Produced by the Office of Marketing and Communications
Researcher Puts Natural Language Processing to the Test With Sci-Fi Language
Image by Alamy
From the Elvish and other languages spoken in “Lord of the Rings” to Dothraki in “Game of Thrones,” successful fantasy and science fiction franchises frequently feature their own real, but constructed, languages. These creations often have many of the same syntactic or semantic features as commonly spoken languages, and some—such as Klingon from “Star Trek”—have been extensively developed, complete with online dictionaries and translators.
Now, a leading University of Maryland expert in natural language processing (NLP)—a subfield that combines linguistics, computer science and artificial intelligence to better understand the interactions between computers and languages—is giving another “Star Trek” language the NLP treatment in the first study of its type.
Computer science Associate Professor Jordan Boyd-Graber, a lifelong Trekkie known for incorporating Klingon into class NLP assignments, collaborated with University of Arizona Assistant Professor Peter A. Jansen to investigate machine translation of Tamarian with a collection of translated English-Tamarian phrases.
Like the fictional language itself, it’s anything but a straightforward task. Instead of direct references, “Star Trek’s” Tamarians speak in metaphorical references grounded in stories that—like symbols—have learned associations with their true meaning. For example, instead of saying, “I want to give this to you,” a Tamarian would say, “Temba, his arms wide.”

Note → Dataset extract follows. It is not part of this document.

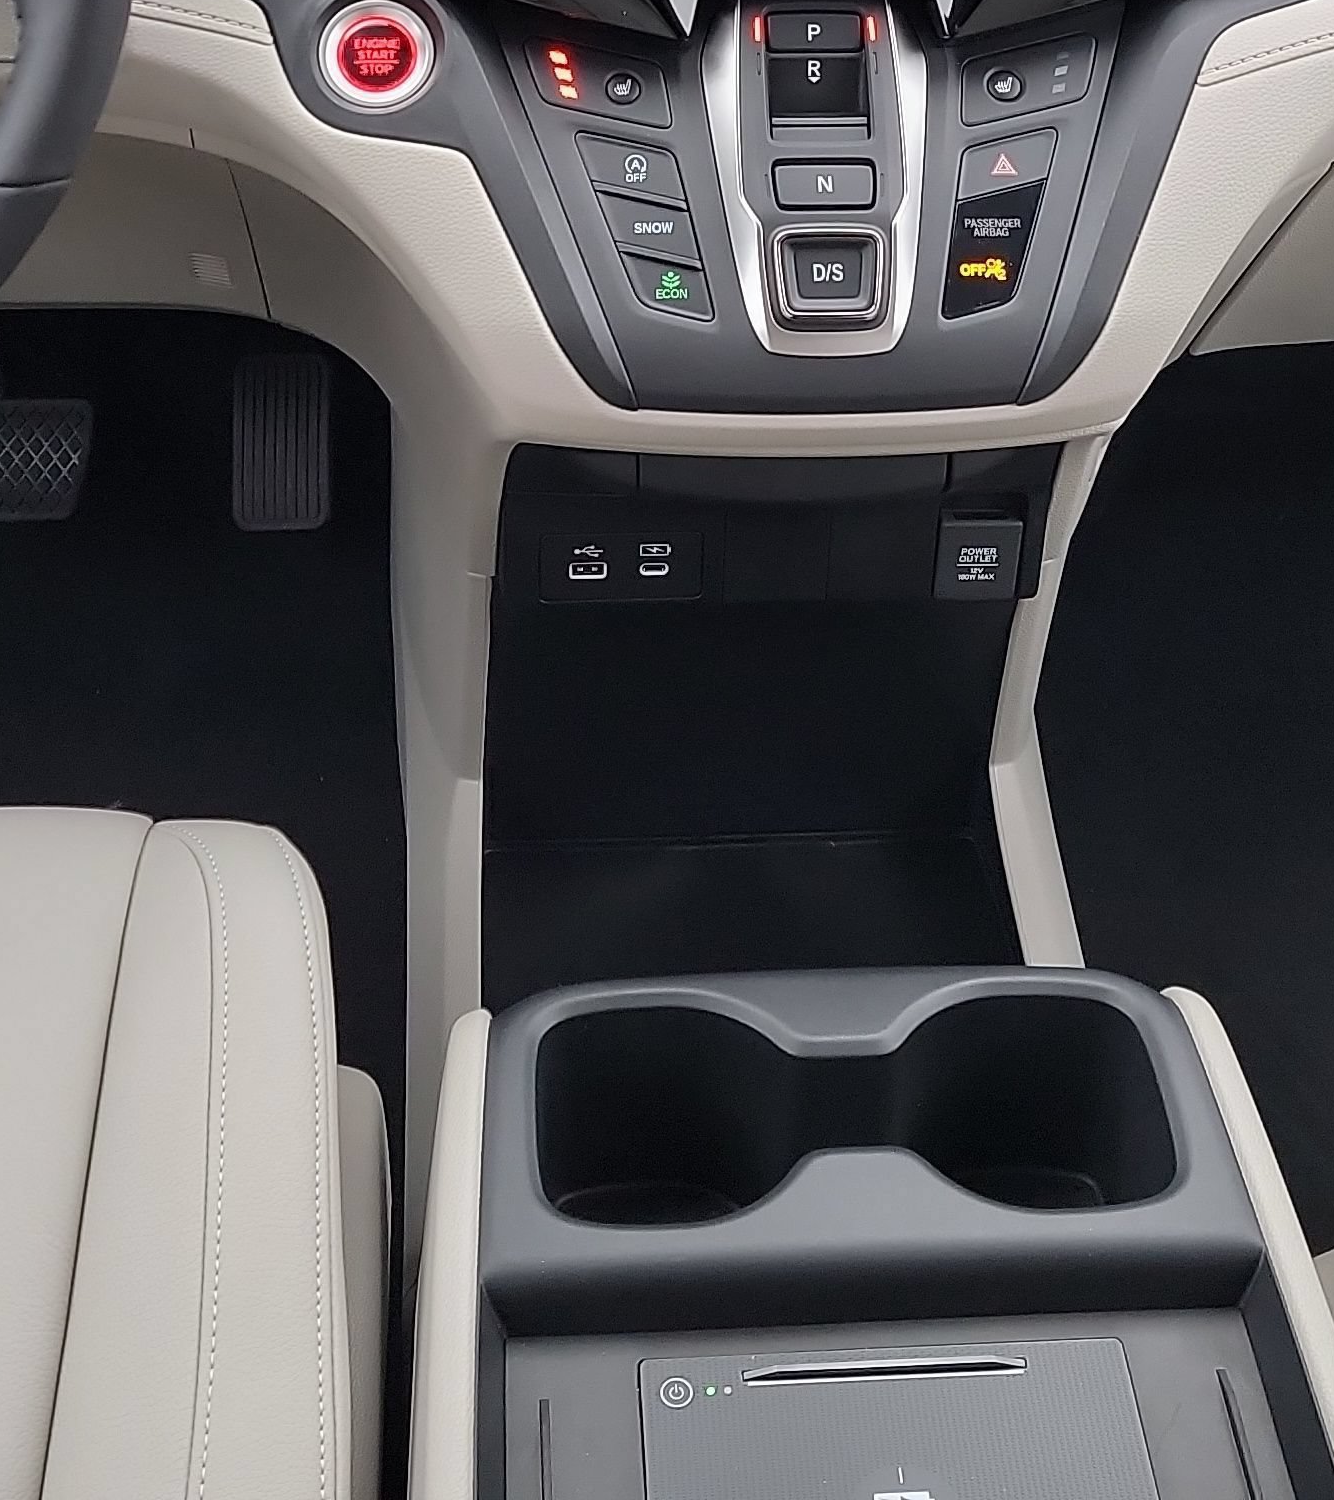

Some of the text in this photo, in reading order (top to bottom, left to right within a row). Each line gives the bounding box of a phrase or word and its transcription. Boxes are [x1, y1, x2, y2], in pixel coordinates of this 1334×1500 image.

This unusual structure poses a challenge for both the characters and the automated translation systems onboard the Enterprise. Likewise, the Tamarians cannot understand starship Capt. Jean-Luc Picard’s straightforward use of language.

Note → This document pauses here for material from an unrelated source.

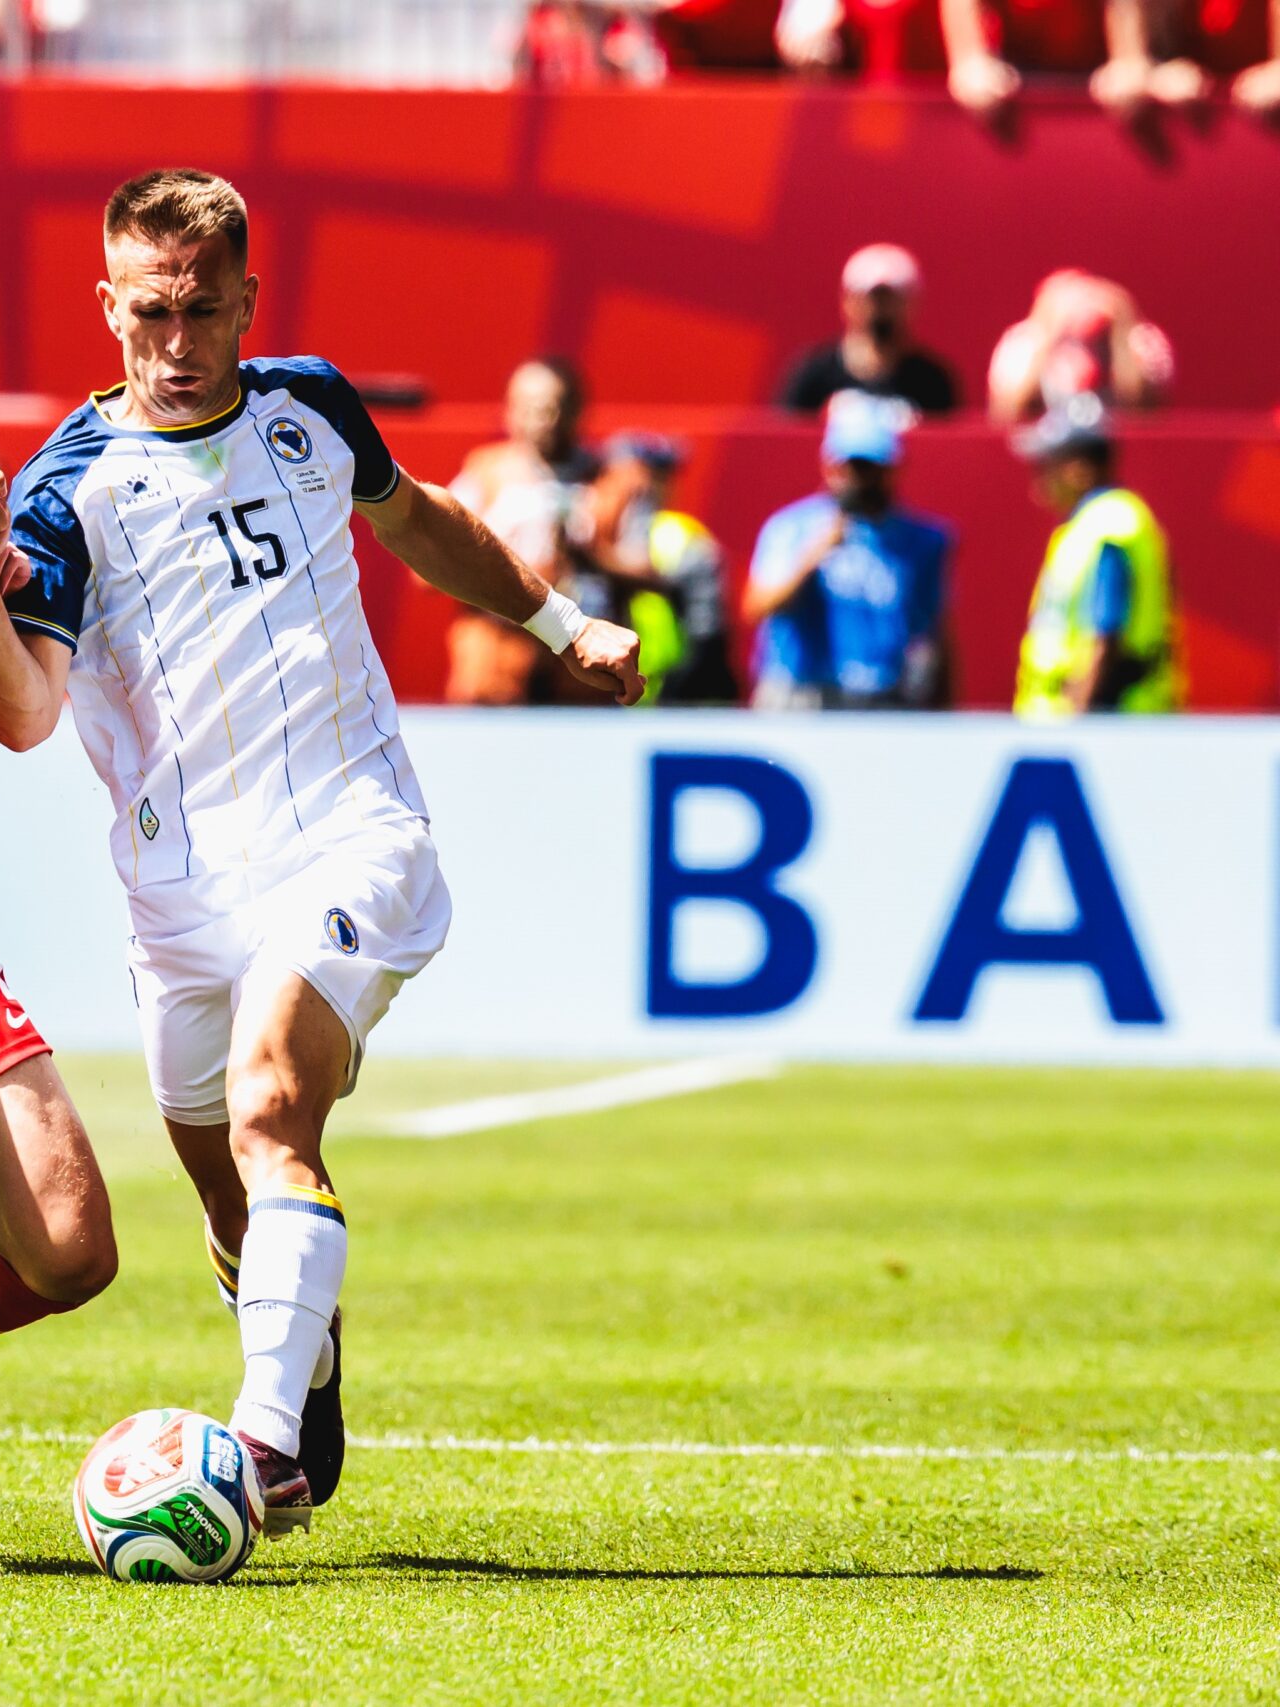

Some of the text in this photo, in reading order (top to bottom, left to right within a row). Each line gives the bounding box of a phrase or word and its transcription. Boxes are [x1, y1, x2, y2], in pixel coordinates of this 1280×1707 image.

[207, 498, 291, 592] 15
[647, 752, 1280, 1025] BA
[185, 1500, 223, 1546] TRIONDA

First, the researchers created a dictionary of 50 Tamarian phrases paired with 456 parallel English phrases that captured the inferred meaning of each Tamarian expression. Almost half of them were gleaned from a Reddit thread, while the rest came from context clues in tie-in novels from the “Star Trek” universe.
They discovered that their machine translation system had a 76% accuracy rate in translating English phrases to Tamarian metaphorical utterances.

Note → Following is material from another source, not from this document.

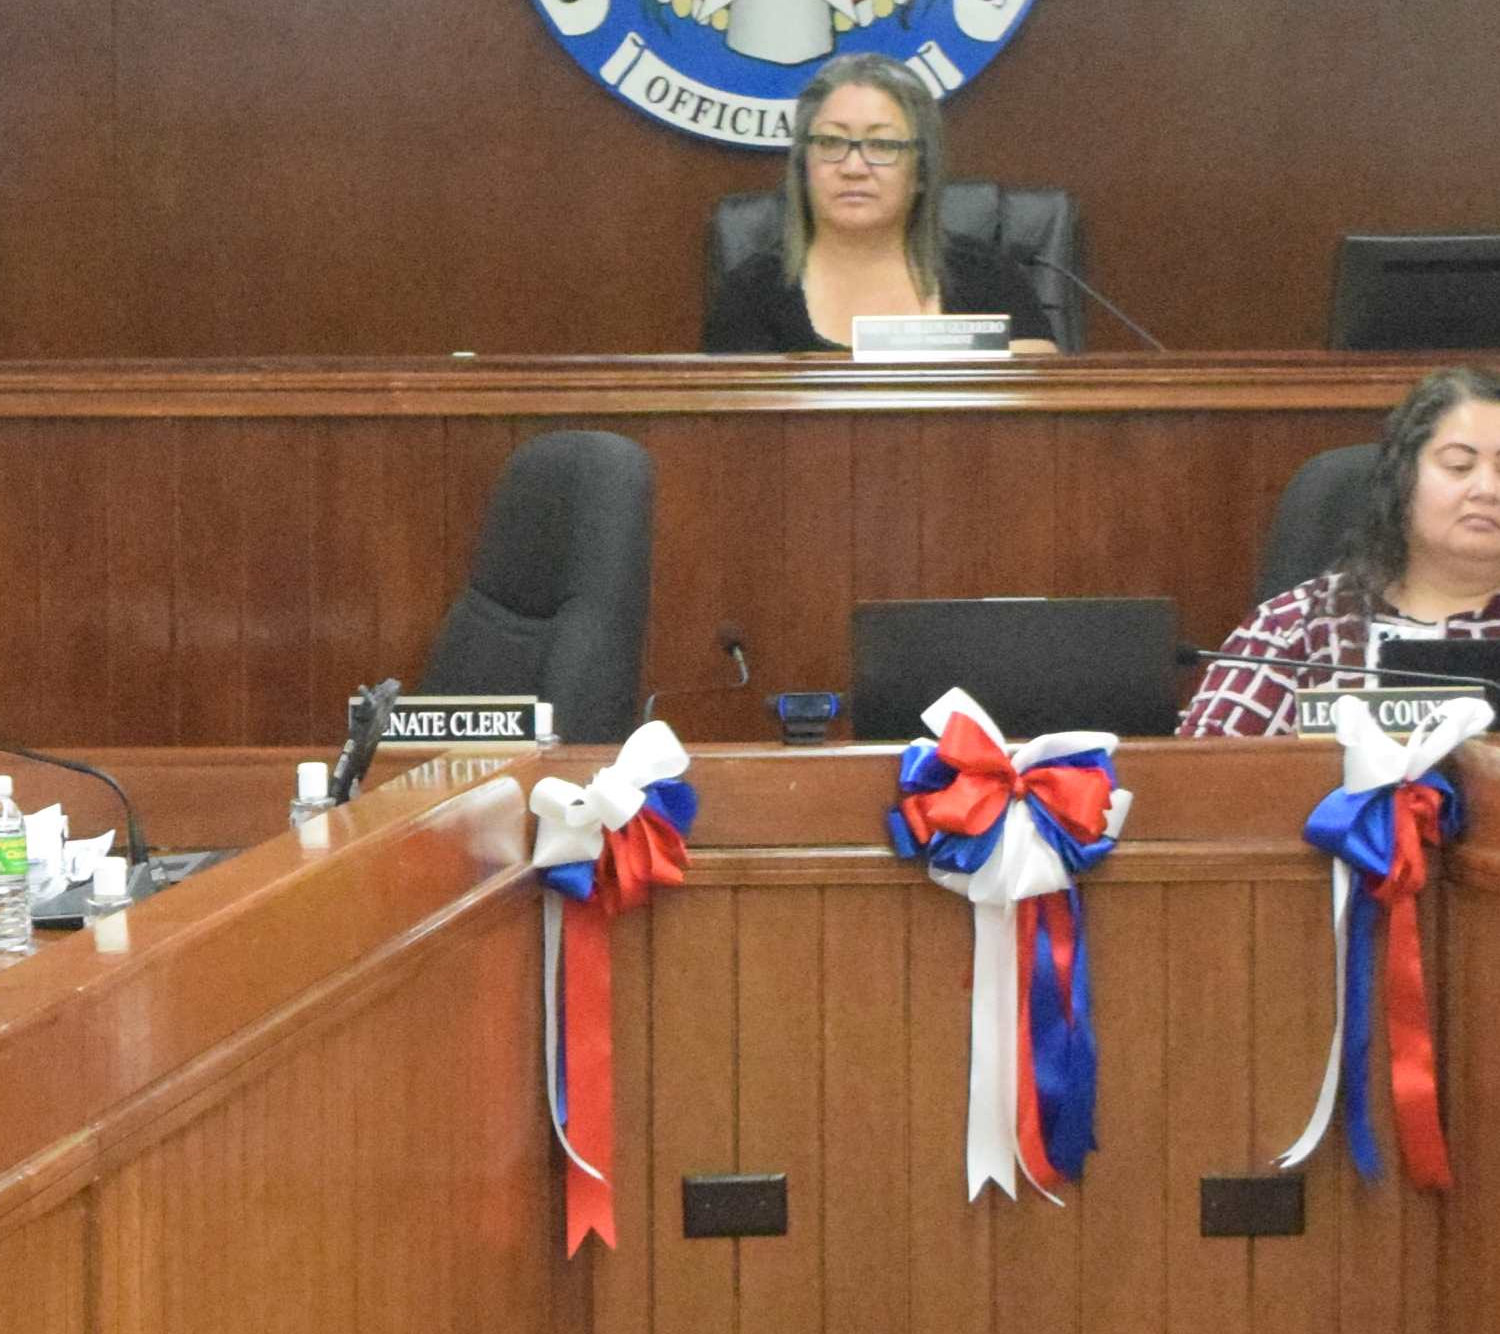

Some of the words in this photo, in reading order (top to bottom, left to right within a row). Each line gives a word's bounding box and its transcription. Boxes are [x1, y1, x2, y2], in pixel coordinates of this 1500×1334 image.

[645, 74, 793, 139] OFFICIA
[381, 711, 447, 736] NATE
[450, 711, 524, 736] CLERK

“Our results suggest that automatically translating metaphor-grounded languages may be feasible, but it is extremely difficult,” said Boyd-Graber, who has appointments in the College of Information Studies (iSchool) and University of Maryland Institute for Advanced Computer Studies.
While Tamarian is a fictional language, the researchers said that their paper demonstrates large language models’ abilities and limitations. They also discuss what it would take to grow Tamarian—or a similar language—into a more complete artificial language like Klingon, and how their work can help computers—which work best with literal language—better understand metaphors like “between a rock and a hard place.”
College of Computer, Mathematical, and Natural Sciences College of Information Studies
Maryland Today is produced by the Office of Marketing and Communications for the University of Maryland community on weekdays during the academic year, except for university holidays.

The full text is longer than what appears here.